#### Collected data
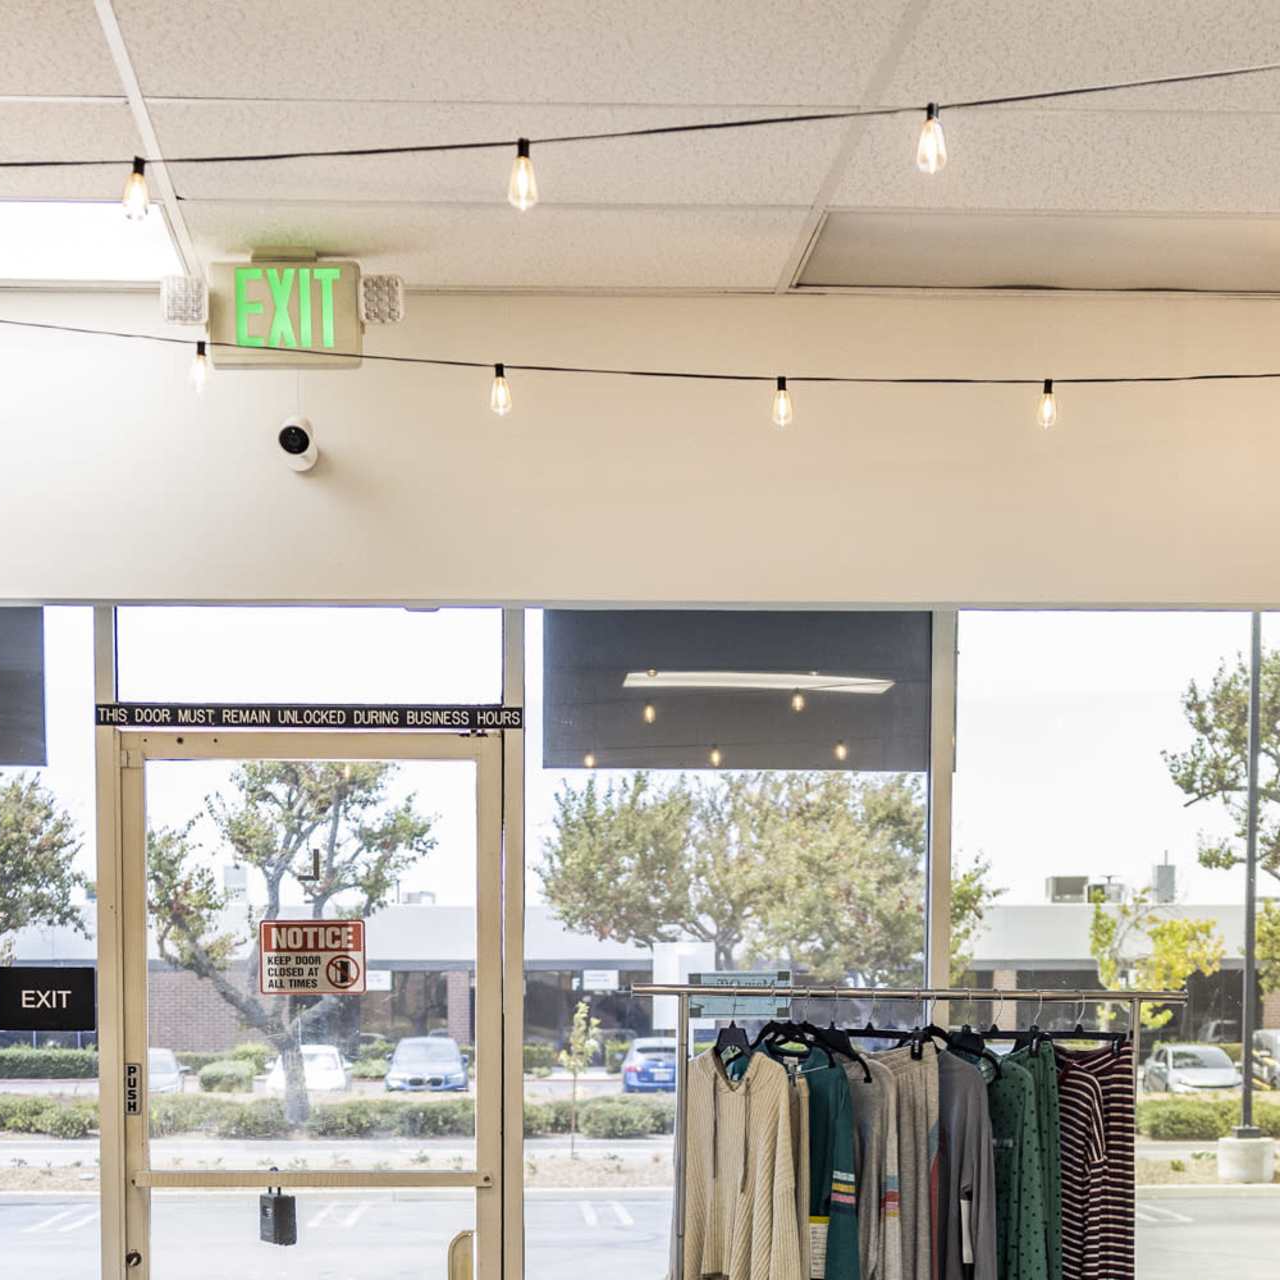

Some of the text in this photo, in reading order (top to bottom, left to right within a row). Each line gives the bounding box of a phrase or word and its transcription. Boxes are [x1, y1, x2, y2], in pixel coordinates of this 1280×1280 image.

[235, 267, 341, 348] EXIT
[98, 707, 520, 725] THIS DOOR MUST REMAIN UNLOCKED DURING BUSINESS HOURS
[271, 927, 353, 949] NOTICE
[267, 956, 321, 965] KEEP DOOR
[267, 967, 319, 977] CLOSED AT
[268, 979, 318, 989] ALL TIMES
[21, 990, 72, 1009] EXIT
[127, 1066, 137, 1112] PUSH

#### What you have to do
No pictures belong in the copy; output every record exactly.

#### Response box
Some of the text in this photo, in reading order (top to bottom, left to right within a row). Each line gives the bounding box of a phrase or word and its transcription. Boxes are [x1, y1, x2, y2], in pixel coordinates of this 1280×1280 image.

[235, 267, 341, 348] EXIT
[98, 707, 520, 725] THIS DOOR MUST REMAIN UNLOCKED DURING BUSINESS HOURS
[271, 927, 353, 949] NOTICE
[267, 956, 321, 965] KEEP DOOR
[267, 967, 319, 977] CLOSED AT
[268, 979, 318, 989] ALL TIMES
[21, 990, 72, 1009] EXIT
[127, 1066, 137, 1112] PUSH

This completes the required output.